[Entries taken from a collection]
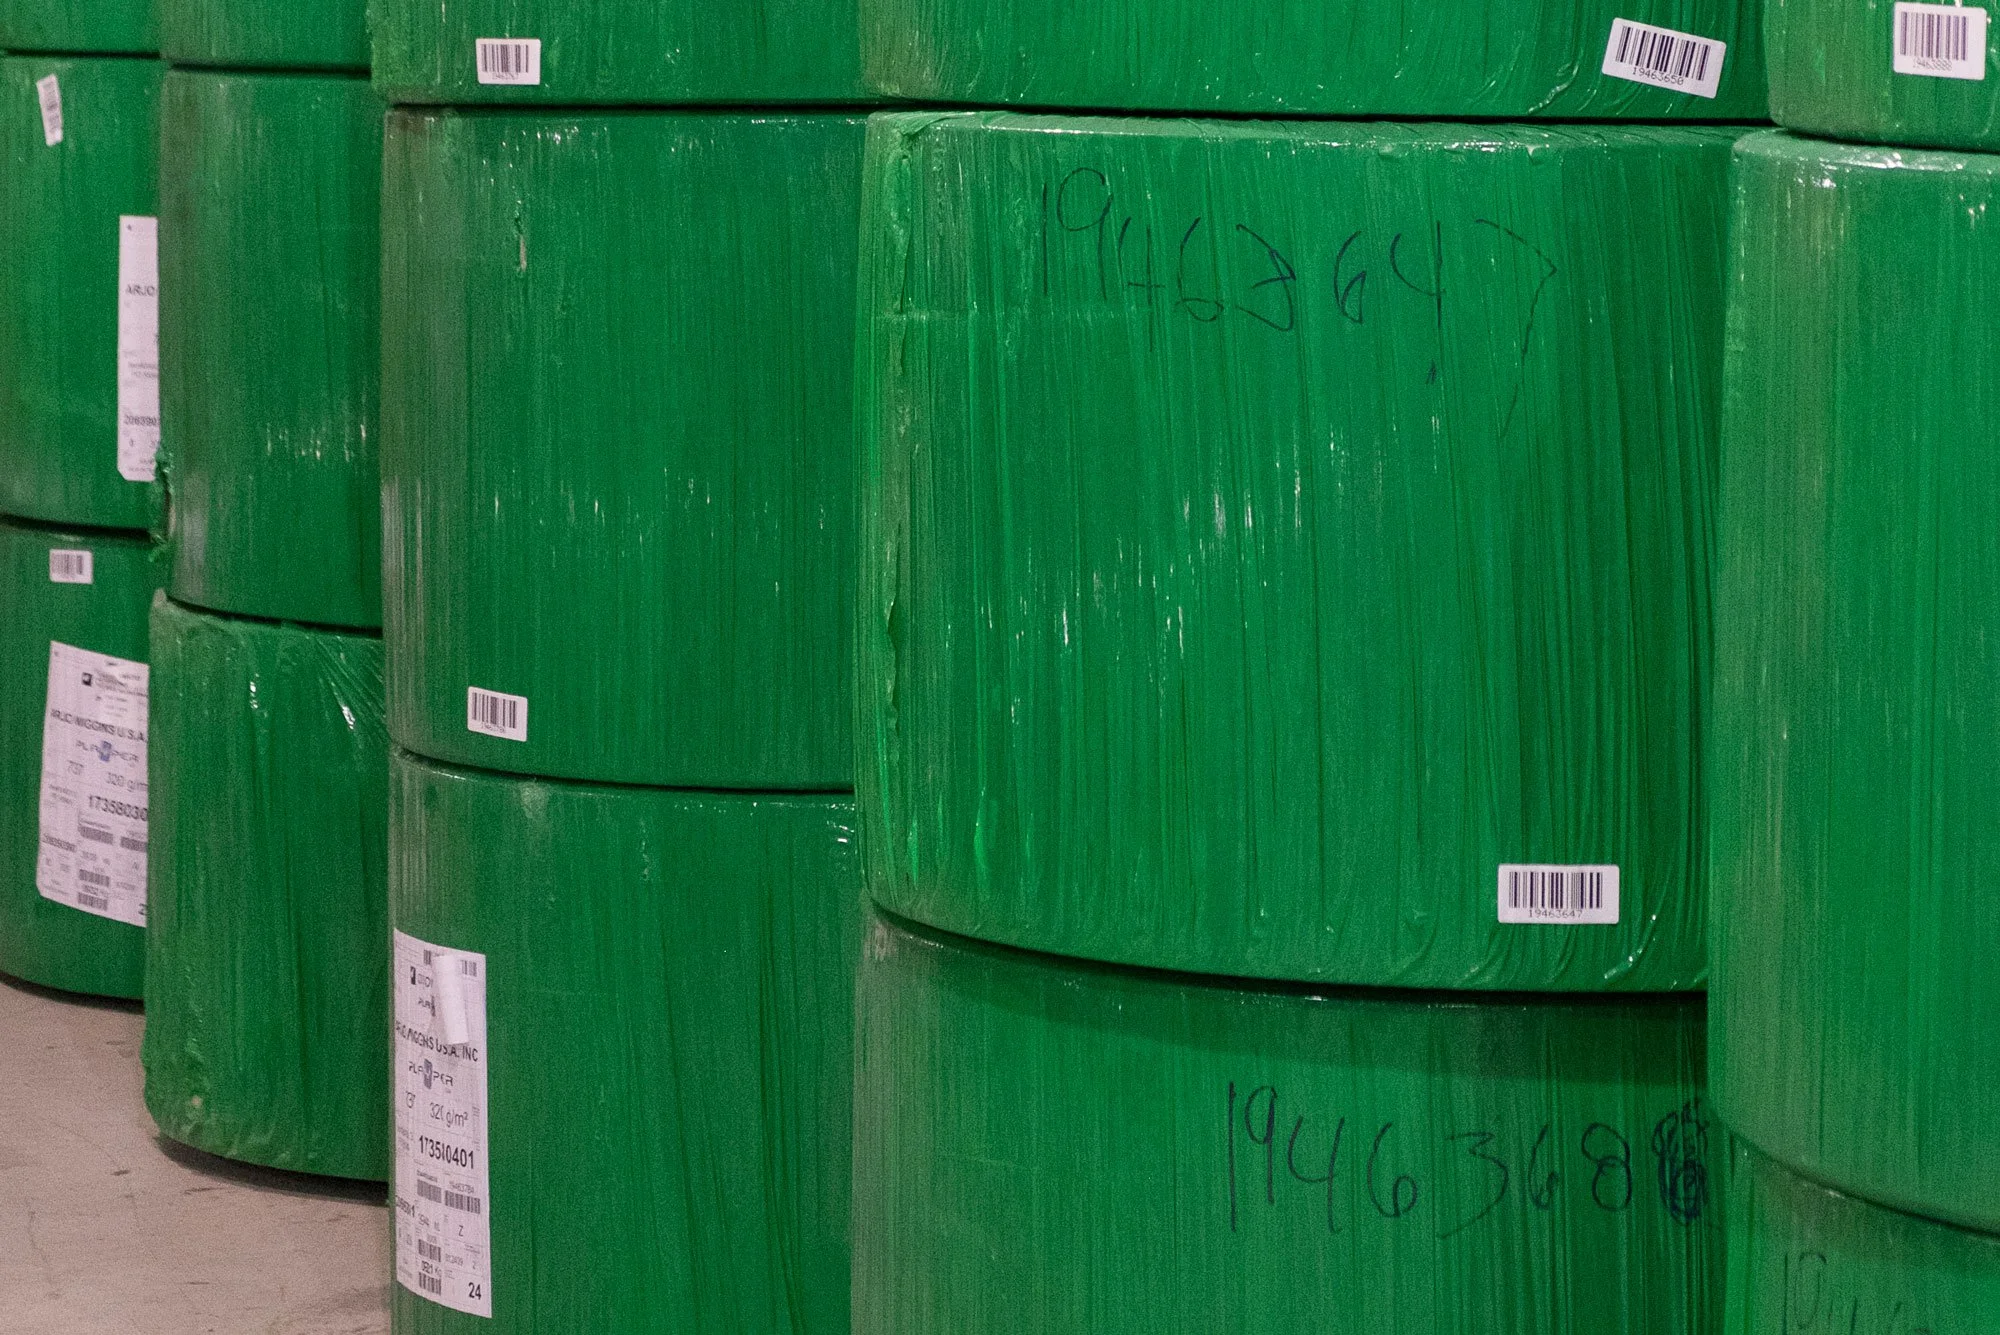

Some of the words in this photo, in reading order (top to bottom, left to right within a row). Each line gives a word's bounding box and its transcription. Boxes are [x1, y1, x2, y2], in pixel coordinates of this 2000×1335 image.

[1632, 66, 1684, 86] 19463650
[1529, 909, 1583, 919] 19463647
[467, 1281, 482, 1300] 24
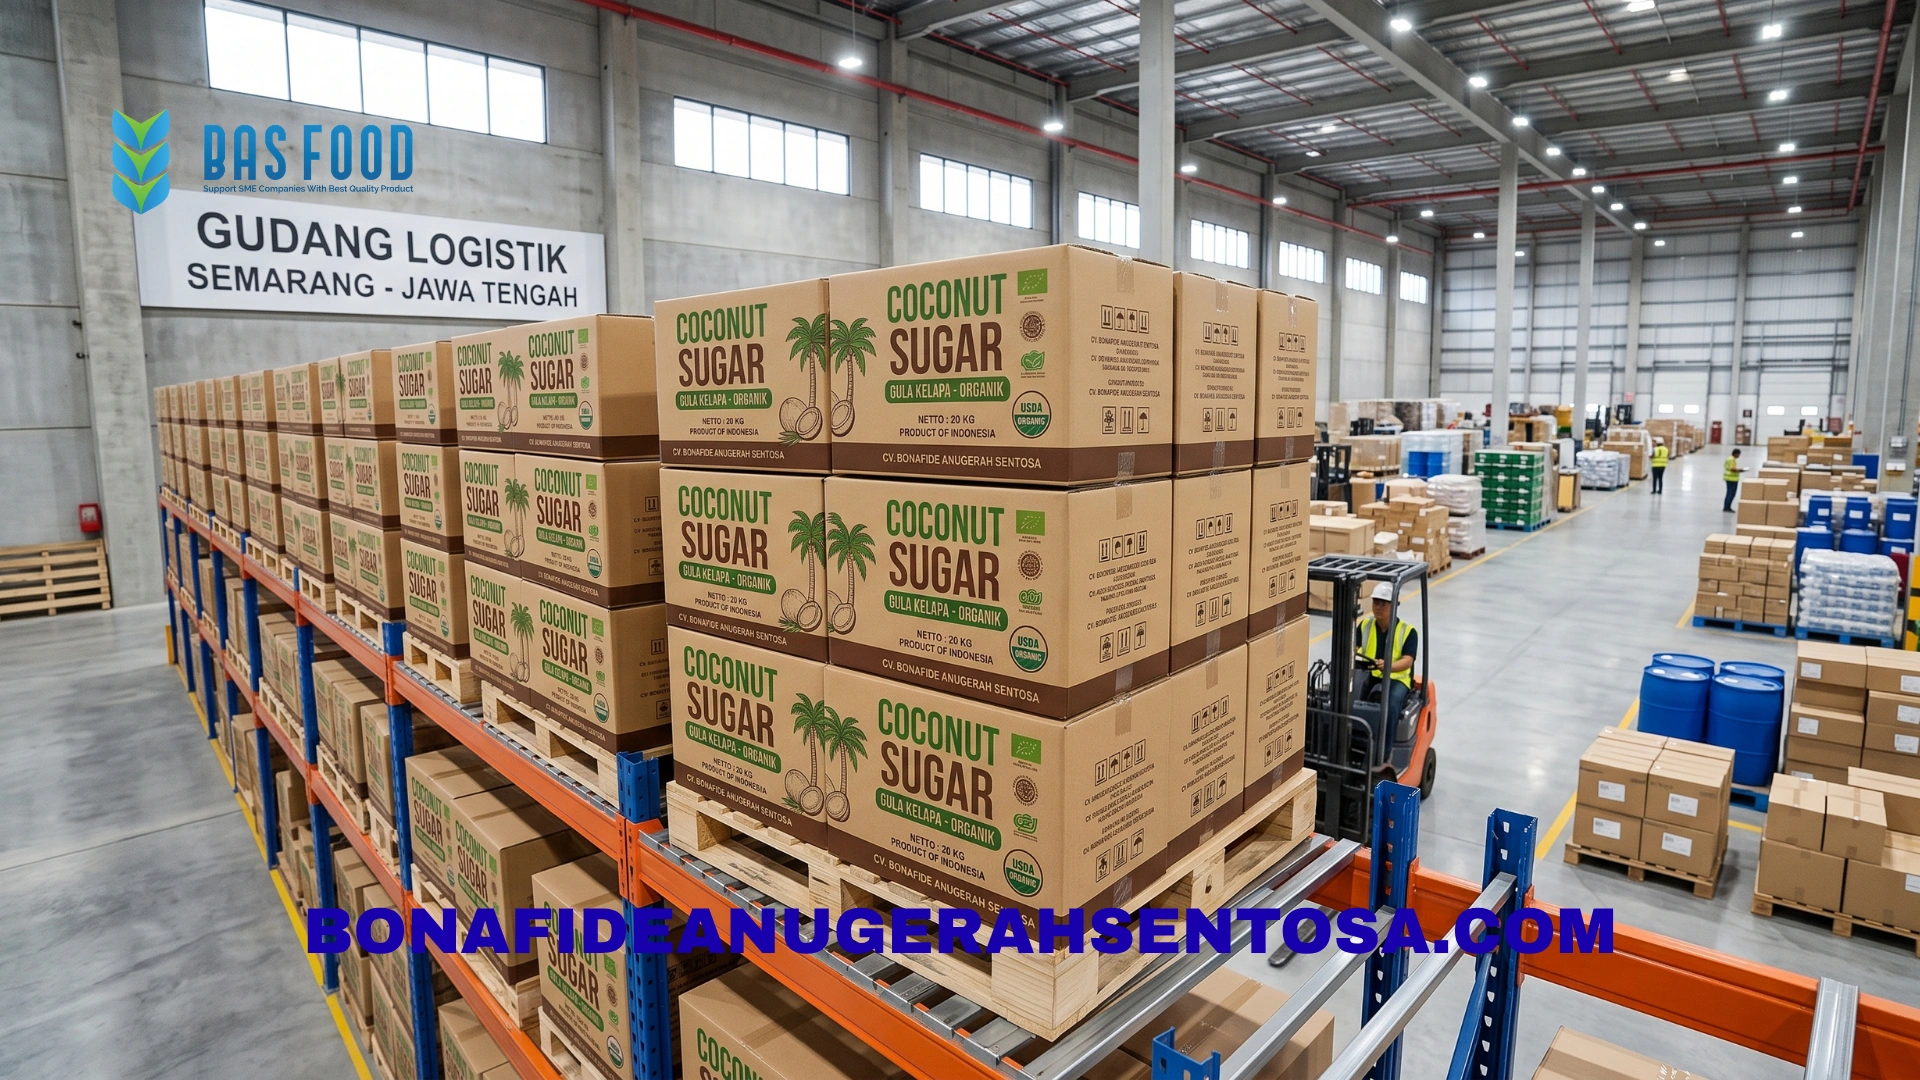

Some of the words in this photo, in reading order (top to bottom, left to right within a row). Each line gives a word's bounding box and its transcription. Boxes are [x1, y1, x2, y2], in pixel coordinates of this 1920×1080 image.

[197, 211, 393, 261] GUDANG
[406, 231, 568, 274] LOGISTIK
[187, 262, 374, 298] SEMARANG
[402, 277, 475, 302] JAWA
[482, 281, 578, 308] TENGAH
[887, 273, 1007, 323] COCONUT
[677, 303, 767, 345] COCONUT
[457, 342, 492, 367] COCONUT
[528, 330, 575, 359] COCONUT
[890, 322, 1002, 376] SUGAR
[459, 367, 492, 395] SUGAR
[530, 358, 574, 391] SUGAR
[678, 344, 765, 387] SUGAR
[399, 373, 425, 397] SUGAR
[680, 394, 698, 406] GULA
[700, 394, 727, 406] KELAPA
[733, 393, 767, 405] ORGANIK
[890, 384, 913, 399] GULA
[916, 383, 951, 398] KELAPA
[960, 381, 1004, 397] ORGANIK
[918, 415, 944, 424] NETTO
[951, 415, 960, 424] 20
[963, 415, 975, 424] KG
[1021, 403, 1042, 412] USDA
[900, 428, 936, 437] PRODUCT
[938, 429, 949, 437] OF
[951, 429, 996, 438] INDONESIA
[673, 448, 682, 456] CV.
[683, 448, 713, 457] BONAFIDE
[714, 449, 750, 458] ANUGERAH
[883, 453, 896, 463] CV.
[897, 454, 940, 464] BONAFIDE
[942, 455, 993, 466] ANUGERAH
[995, 456, 1041, 468] SENTOSA
[403, 472, 431, 499] SUGAR
[464, 461, 499, 487] COCONUT
[534, 467, 582, 498] COCONUT
[466, 486, 500, 518] SUGAR
[536, 494, 582, 533] SUGAR
[678, 485, 772, 525] COCONUT
[886, 499, 1004, 546] COCONUT
[681, 520, 769, 571] SUGAR
[406, 550, 436, 577] COCONUT
[683, 565, 701, 578] GULA
[702, 568, 730, 584] KELAPA
[737, 574, 771, 591] ORGANIK
[889, 541, 1000, 602] SUGAR
[408, 572, 438, 604] SUGAR
[470, 574, 506, 608] COCONUT
[695, 598, 720, 610] PRODUCT
[708, 591, 726, 601] NETTO
[473, 599, 507, 639] SUGAR
[539, 599, 588, 640] COCONUT
[889, 594, 912, 612] GULA
[914, 598, 949, 618] KELAPA
[959, 606, 1001, 626] ORGANIK
[720, 622, 755, 638] ANUGERAH
[756, 631, 787, 645] SENTOSA
[917, 630, 942, 641] NETTO
[949, 635, 958, 645] 20
[961, 638, 972, 647] KG
[1018, 636, 1039, 649] USDA
[542, 627, 589, 676] SUGAR
[900, 638, 935, 653] PRODUCT
[937, 646, 947, 655] OF
[949, 648, 993, 665] INDONESIA
[683, 645, 778, 702] COCONUT
[882, 659, 895, 670] CV.
[897, 662, 940, 680] BONAFIDE
[941, 671, 992, 692] ANUGERAH
[994, 683, 1040, 703] SENTOSA
[686, 681, 775, 748] SUGAR
[689, 725, 706, 741] GULA
[708, 731, 736, 754] KELAPA
[743, 746, 777, 769] ORGANIK
[878, 698, 1000, 767] COCONUT
[702, 762, 725, 777] PRODUCT
[713, 757, 731, 769] NETTO
[744, 769, 752, 778] KG
[880, 740, 994, 821] SUGAR
[411, 777, 442, 819] COCONUT
[414, 799, 444, 847] SUGAR
[761, 805, 792, 826] SENTOSA
[880, 793, 904, 813] GULA
[906, 801, 942, 827] KELAPA
[951, 818, 995, 846] ORGANIK
[455, 820, 487, 871] COCONUT
[891, 837, 927, 858] PRODUCT
[929, 851, 939, 862] OF
[941, 855, 985, 881] INDONESIA
[910, 833, 935, 850] NETTO
[942, 845, 951, 856] 20
[953, 849, 965, 861] KG
[457, 845, 488, 903] SUGAR
[1012, 858, 1034, 875] USDA
[873, 853, 887, 867] CV.
[889, 860, 932, 886] BONAFIDE
[935, 880, 985, 908] ANUGERAH
[988, 901, 1035, 929] SESA
[548, 932, 600, 1011] SUGAR
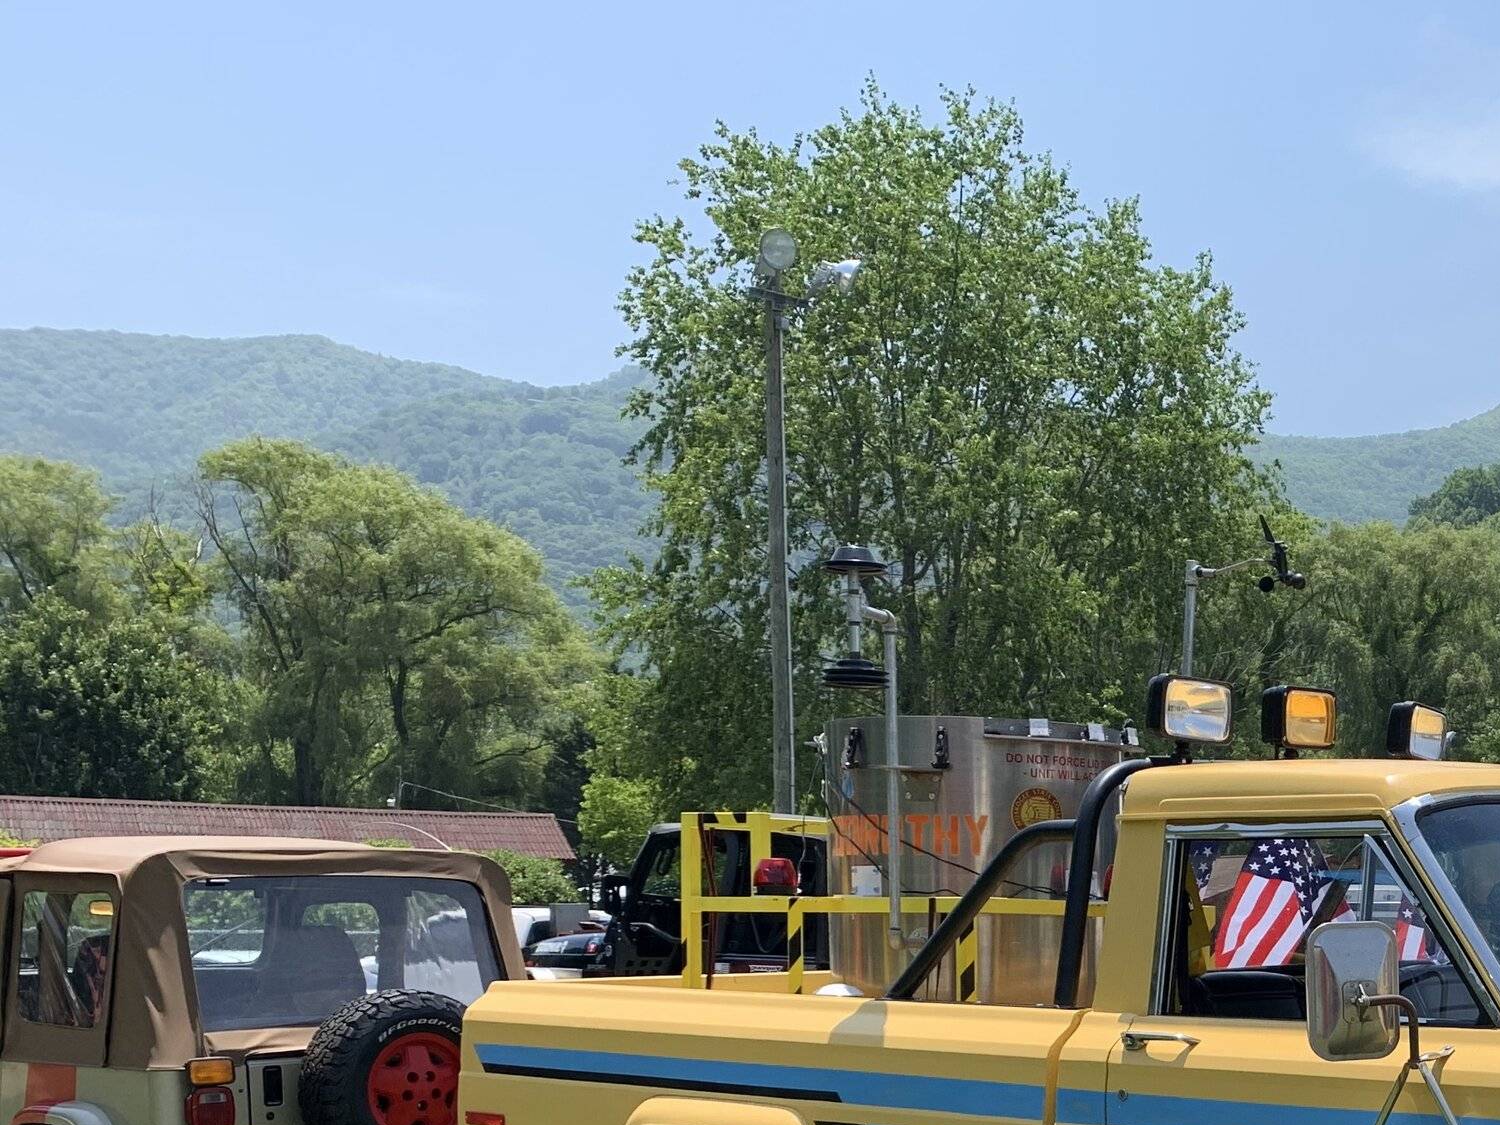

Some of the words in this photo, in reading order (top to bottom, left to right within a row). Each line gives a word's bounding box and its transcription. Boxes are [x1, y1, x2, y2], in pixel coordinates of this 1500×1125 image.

[1006, 752, 1023, 763] DO
[1027, 754, 1049, 765] NOT
[1053, 756, 1085, 768] FORCE
[1031, 768, 1055, 778] UNIT
[1057, 769, 1080, 780] WILL
[378, 1017, 461, 1043] BFGoodric

**Task prompt:**
Transcribe the complete set of entries verbatim. No pictures belong in the copy.

**Completed exercise:**
Some of the words in this photo, in reading order (top to bottom, left to right within a row). Each line gives a word's bounding box and its transcription. Boxes are [x1, y1, x2, y2], in pixel coordinates of this 2000×1335 image.

[1632, 66, 1684, 86] 19463650
[1529, 909, 1583, 919] 19463647
[467, 1281, 482, 1300] 24

Some of the words in this photo, in reading order (top to bottom, left to right within a row). Each line gives a word's bounding box and its transcription. Boxes are [x1, y1, x2, y2], in pixel coordinates of this 1920×1080 image.

[197, 211, 393, 261] GUDANG
[406, 231, 568, 274] LOGISTIK
[187, 262, 374, 298] SEMARANG
[402, 277, 475, 302] JAWA
[482, 281, 578, 308] TENGAH
[887, 273, 1007, 323] COCONUT
[677, 303, 767, 345] COCONUT
[457, 342, 492, 367] COCONUT
[528, 330, 575, 359] COCONUT
[890, 322, 1002, 376] SUGAR
[459, 367, 492, 395] SUGAR
[530, 358, 574, 391] SUGAR
[678, 344, 765, 387] SUGAR
[399, 373, 425, 397] SUGAR
[680, 394, 698, 406] GULA
[700, 394, 727, 406] KELAPA
[733, 393, 767, 405] ORGANIK
[890, 384, 913, 399] GULA
[916, 383, 951, 398] KELAPA
[960, 381, 1004, 397] ORGANIK
[918, 415, 944, 424] NETTO
[951, 415, 960, 424] 20
[963, 415, 975, 424] KG
[1021, 403, 1042, 412] USDA
[900, 428, 936, 437] PRODUCT
[938, 429, 949, 437] OF
[951, 429, 996, 438] INDONESIA
[673, 448, 682, 456] CV.
[683, 448, 713, 457] BONAFIDE
[714, 449, 750, 458] ANUGERAH
[883, 453, 896, 463] CV.
[897, 454, 940, 464] BONAFIDE
[942, 455, 993, 466] ANUGERAH
[995, 456, 1041, 468] SENTOSA
[403, 472, 431, 499] SUGAR
[464, 461, 499, 487] COCONUT
[534, 467, 582, 498] COCONUT
[466, 486, 500, 518] SUGAR
[536, 494, 582, 533] SUGAR
[678, 485, 772, 525] COCONUT
[886, 499, 1004, 546] COCONUT
[681, 520, 769, 571] SUGAR
[406, 550, 436, 577] COCONUT
[683, 565, 701, 578] GULA
[702, 568, 730, 584] KELAPA
[737, 574, 771, 591] ORGANIK
[889, 541, 1000, 602] SUGAR
[408, 572, 438, 604] SUGAR
[470, 574, 506, 608] COCONUT
[695, 598, 720, 610] PRODUCT
[708, 591, 726, 601] NETTO
[473, 599, 507, 639] SUGAR
[539, 599, 588, 640] COCONUT
[889, 594, 912, 612] GULA
[914, 598, 949, 618] KELAPA
[959, 606, 1001, 626] ORGANIK
[720, 622, 755, 638] ANUGERAH
[756, 631, 787, 645] SENTOSA
[917, 630, 942, 641] NETTO
[949, 635, 958, 645] 20
[961, 638, 972, 647] KG
[1018, 636, 1039, 649] USDA
[542, 627, 589, 676] SUGAR
[900, 638, 935, 653] PRODUCT
[937, 646, 947, 655] OF
[949, 648, 993, 665] INDONESIA
[683, 645, 778, 702] COCONUT
[882, 659, 895, 670] CV.
[897, 662, 940, 680] BONAFIDE
[941, 671, 992, 692] ANUGERAH
[994, 683, 1040, 703] SENTOSA
[686, 681, 775, 748] SUGAR
[689, 725, 706, 741] GULA
[708, 731, 736, 754] KELAPA
[743, 746, 777, 769] ORGANIK
[878, 698, 1000, 767] COCONUT
[702, 762, 725, 777] PRODUCT
[713, 757, 731, 769] NETTO
[744, 769, 752, 778] KG
[880, 740, 994, 821] SUGAR
[411, 777, 442, 819] COCONUT
[414, 799, 444, 847] SUGAR
[761, 805, 792, 826] SENTOSA
[880, 793, 904, 813] GULA
[906, 801, 942, 827] KELAPA
[951, 818, 995, 846] ORGANIK
[455, 820, 487, 871] COCONUT
[891, 837, 927, 858] PRODUCT
[929, 851, 939, 862] OF
[941, 855, 985, 881] INDONESIA
[910, 833, 935, 850] NETTO
[942, 845, 951, 856] 20
[953, 849, 965, 861] KG
[457, 845, 488, 903] SUGAR
[1012, 858, 1034, 875] USDA
[873, 853, 887, 867] CV.
[889, 860, 932, 886] BONAFIDE
[935, 880, 985, 908] ANUGERAH
[988, 901, 1035, 929] SESA
[548, 932, 600, 1011] SUGAR

Some of the words in this photo, in reading order (top to bottom, left to right within a row). Each line gives a word's bounding box and its transcription. Boxes are [x1, y1, x2, y2], in pixel coordinates of this 1500×1125 image.

[1006, 752, 1023, 763] DO
[1027, 754, 1049, 765] NOT
[1053, 756, 1085, 768] FORCE
[1031, 768, 1055, 778] UNIT
[1057, 769, 1080, 780] WILL
[378, 1017, 461, 1043] BFGoodric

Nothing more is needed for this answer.